SunFarmor generators trade an increase in material for a dramatic decrease in labor while improving quality control and dramatically increasing throughput.
These recurring costs for labor and material ensure the solar farm performs as expected. These include both corrective repairs and preventative maintenance. Since most solar farms rely on moving trackers installed close to the ground to reduce wind loading, they require constant upkeep of the moving parts and the vegetation.
SunFarmor generators have no moving parts to maintain, and their reflectors hover well above ground vegetation, minimizing maintenance costs. After a snowfall, maintenance workers don’t need to clear snow by hand or by rotating the tracker. The heat from the SunFarmor generator’s increased backside production melts the snow naturally.
The OPEX payments are for administrative monitoring, rent, insurance, energy self-consumed to power trackers, and recurring regulatory inspection costs, taxes, and charges. Since SunFarmor generators have no moving parts, they minimize OPEX costs.
The most vulnerable component of any solar farm is the power electronics that deliver alternating current to equipment or the grid. Most solar farms plan to rehabilitate or replace their inverters during the midlife of the PV panels. A SunFarmor generator solar farm will be no different but avoids exposure to other costly midlife repairs like those to bearings or motors.

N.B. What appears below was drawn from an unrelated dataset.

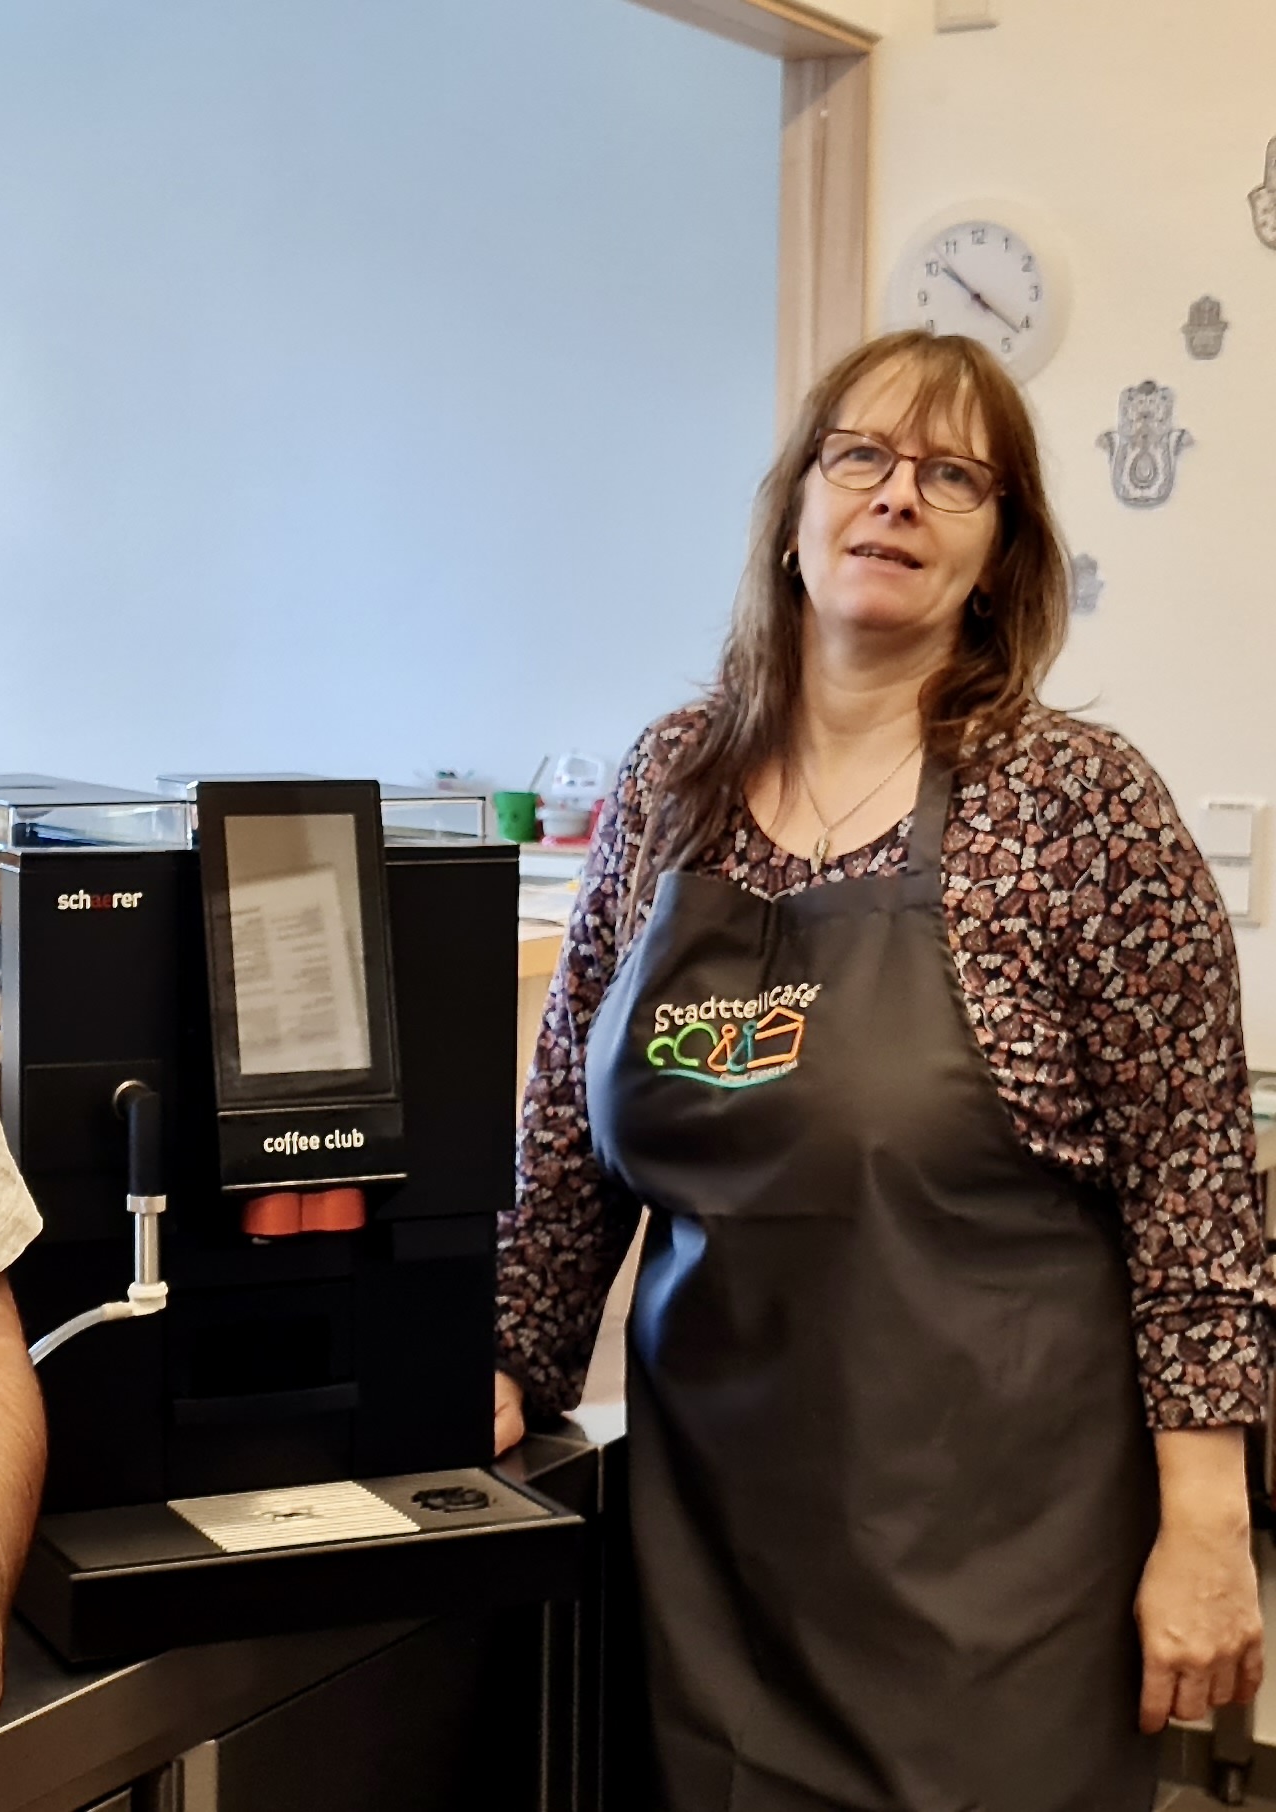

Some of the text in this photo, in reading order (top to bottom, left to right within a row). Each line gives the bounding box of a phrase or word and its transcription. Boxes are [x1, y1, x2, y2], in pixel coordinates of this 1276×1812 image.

These costs are where SunFarmor generators outperform all competitors. Racking manufacturers design their products for the life of the PV panels, which is typically 25 to 30 years. At the end of life, crews decommission solar farms by removing all components in the field, including foundations, while returning the land to its prior state. The decommissioning costs include demolition, inspections, and transportation, less any salvage value from recyclable components. These costs are hidden from most solar farm owners since few EPCs have experience with decommissioning contemporary solar farms.
Since the chassis of SunFarmor generators are designed for a 60-year life, they can be repowered instead of decommissioned. Crews can tow each SunFarmor generator to a staging area and swap new PV tables, repeating the original installation process before towing them back into position in the field. This reuse dramatically reduces the life cycle cost of a solar farm comprised of SunFamor generators.
Every solar farm can earn income from the power it produces. But SunFarmor generator owners can use them to power equipment that unlocks new revenue streams. For instance, a row crop farmer can use SunFarmor’s clean electricity to make their own carbon-free fuel and fertilizer on their farm, allowing them to earn price premiums for growing and drying carbon-reduced grain. Dairy and hog farmers can use SunFarmor generators to power their barns to dramatically reduce the carbon footprint of their products, too.
Any solar farm will avoid the negative externalities, or unpaid costs, of releasing carbon into the atmosphere. But owners of SunFarmor generators can create positive externalities, or unpaid benefits, for their local economies by using local energy to create local wealth. We designed SunFarmor generators to avoid the bottlenecks of centralized production, opting instead for distributed manufacturing which creates 43 local job years from every 4MW constructed. These benefits are most important for policy makers interested in promoting an equitable energy transition.